Article

Cour de cassation, 18/10/2013, R.D.C.-T.B.H., 2015/9, p. 921-923

Cour de cassation 18 octobre 2013

CONCURRENCE
Droit européen de la concurrence - Accords verticaux - Licence exclusive de brevet - Preuve de l'exploitation du brevet déduite du comportement des parties - Redevances pour l'exploitation d'une amélioration brevetée indissociable du brevet initial - Accord restrictif de concurrence (non)
Pour décider si un paiement était indu ou effectué en exécution d'une convention liant les parties, le juge peut interpréter la convention en tenant compte de la manière dont les parties l'ont exécutée avant que surgisse la contestation.
Le droit de la concurrence n'interdit pas un accord entre un donneur de licence exclusive de brevet et un preneur de licence, qui contient, d'une part, l'obligation pour le preneur de céder au donneur de licence une partie des droits existant sur une amélioration de brevet initial indissociable de celui-ci, et, d'autre part, l'obligation pour le preneur de payer des redevances pour l'exploitation de l'amélioration brevetée au nom des deux.
MEDEDINGING
Europees mededingingsrecht - Vertikale overeenkomsten - Exclusieve octrooilicentie - Bewijs van de exploitatie van het octrooi afgeleid uit het gedrag van de partijen - Vergoeding voor de exploitatie van een geoctrooieerde verbetering die onlosmakelijk met het oorspronkelijke octrooi verbonden is - Mededingings­beperkende overeenkomst (neen)
Om te beslissen of een betaling onverschuldigd was of verricht werd ter uitvoering van een tussen de partijen bestaande overeenkomst, mag de rechter de overeenkomst uitleggen met inachtneming van hoe de overeenkomst door de partijen werd uitgevoerd voordat de betwisting rees.
Het mededingingsrecht verbiedt niet dat tussen degene die een exclusieve octrooilicentie verleent, en een licentienemer een overeenkomst bestaat, die, enerzijds, de verplichting inhoudt voor de licentienemer om een gedeelte van de bestaande rechten op een verbetering van het oorspronkelijke octrooi, die onlosmakelijk met dat octrooi verbonden is, aan de licentiegever over te dragen, en, anderzijds, de verplichting inhoudt voor de licentienemer om een vergoeding te betalen voor de exploitatie van de op beider naam geoctrooieerde verbetering.
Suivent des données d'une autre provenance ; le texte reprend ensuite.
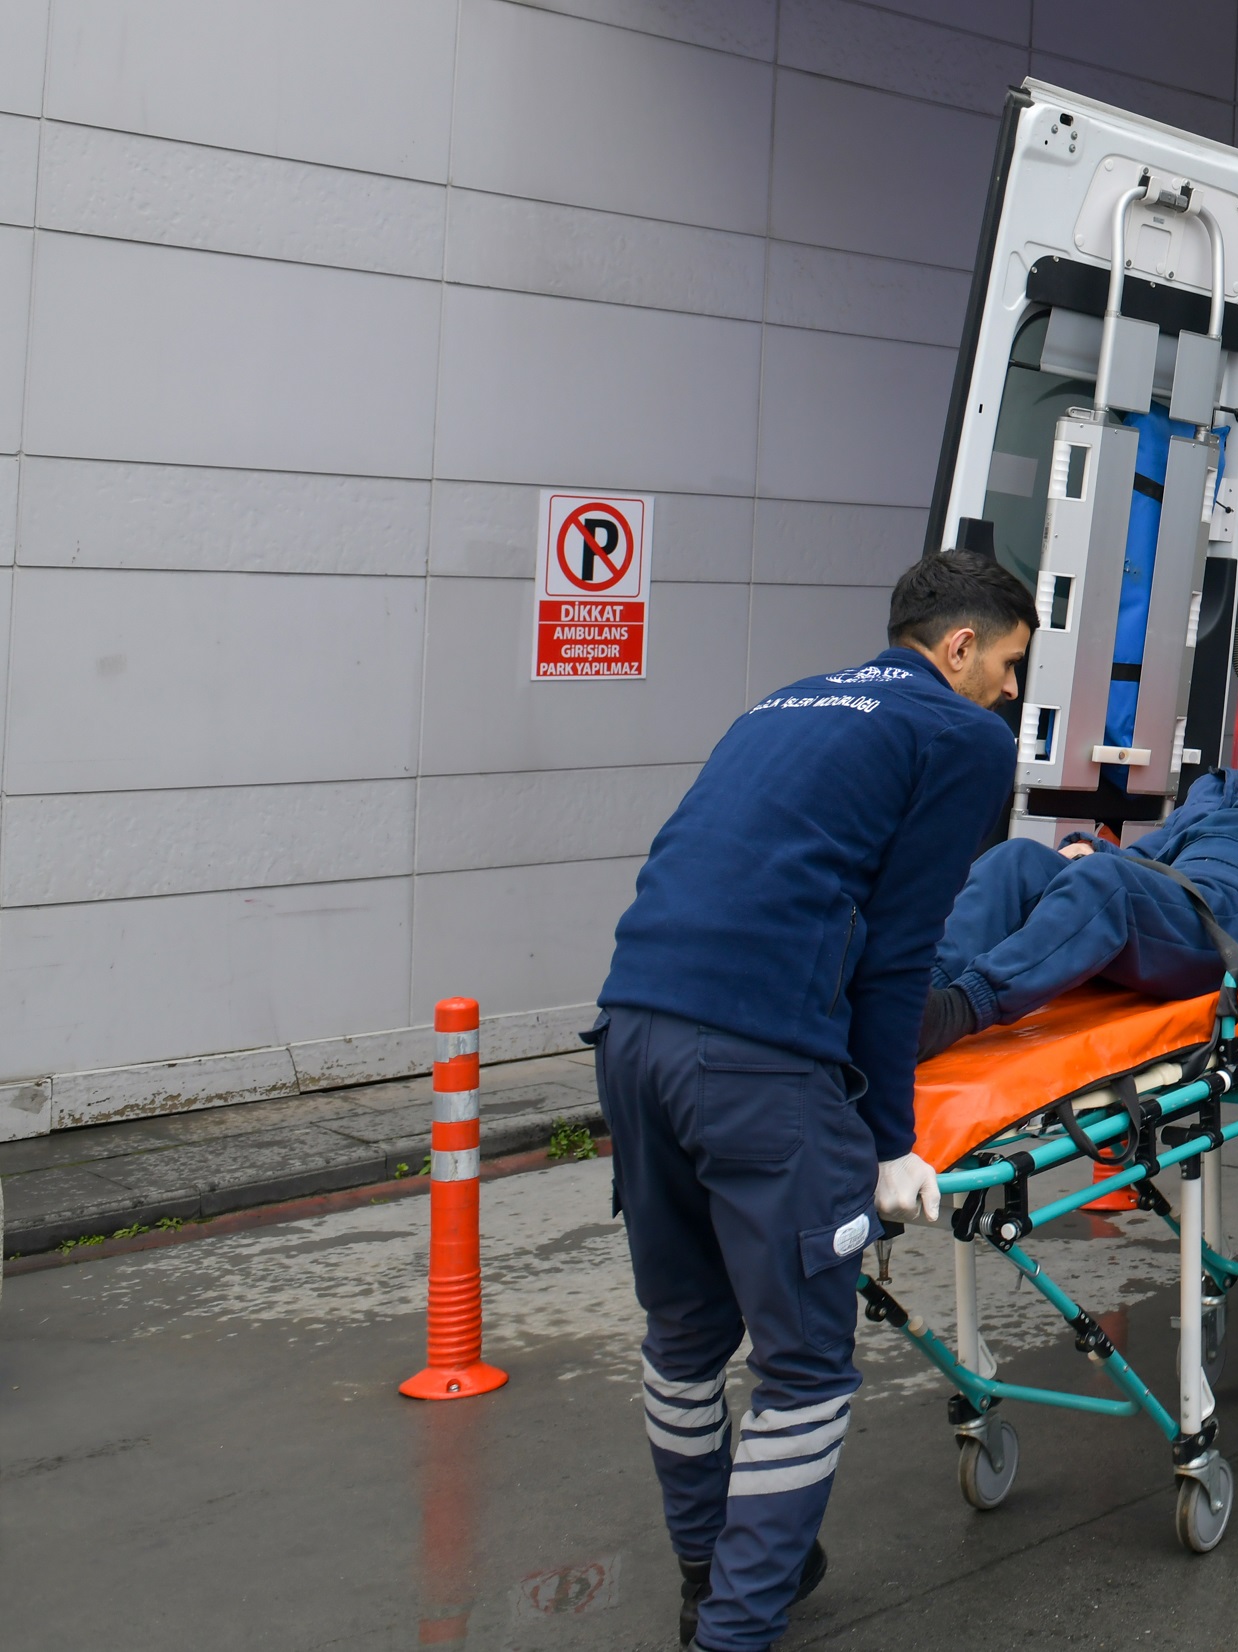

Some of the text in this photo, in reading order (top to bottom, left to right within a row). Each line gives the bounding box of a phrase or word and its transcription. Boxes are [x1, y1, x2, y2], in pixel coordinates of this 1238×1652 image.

[560, 601, 624, 622] DİKKAT
[553, 626, 629, 640] AMBULANS
[540, 661, 639, 676] PARK YAPILMAZ
Meura SA et Boccard / Berewtec et Anheuser Busch Inbev SA

Siég.: Ch. Storck (président), A. Fettweis (président de section), D. Batselé, M. Regout et M.-Cl. Ernotte (conseillers)
M.P.: Th. Werquin (avocat général)
Pl.: Mes P.A. Foriers et J. Verbist
Aff.: C.11.0719.F

(…)

III. La décision de la Cour
Sur le premier moyen

(…)

Quant à la quatrième branche

1. L'arrêt constate que la convention du 5 juin 1986 « prévoit une première phase, de communication par P. et SBF d'informations et de construction par [la première demanderesse] et d'expérimentation d'un premier filtre industriel, phase au terme de laquelle [cette dernière] disposait d'une faculté de se désister, et une seconde phase, de fabrication et d'exploitation dudit filtre » et que, « dans le cadre de cette seconde phase, l'article 6 de la convention prévoit, sous le titre 'licence de brevet', que [la première demanderesse] reçoit de P. une 'licence exclusive de fabrication et d'exploitation pour toutes les applications possibles des brevets [luxembourgeois] (et de leurs éventuels brevets complémentaires) en matière de boissons fermentées ou autres matières à filtrer, que la licence s'étend à toutes les applications de l'invention décrites dans les brevets qui font l'objet de la présente convention et à celles qui s'y rattachent implicitement' ».

Il constate par ailleurs qu'aux termes de l'article 6 de la convention, la première demanderesse paiera à P., pour cette licence de brevet, une redevance exprimée en pourcentage du chiffre d'affaires réalisé par la vente des filtres fabriqués sous licence ou des éléments de ceux-ci.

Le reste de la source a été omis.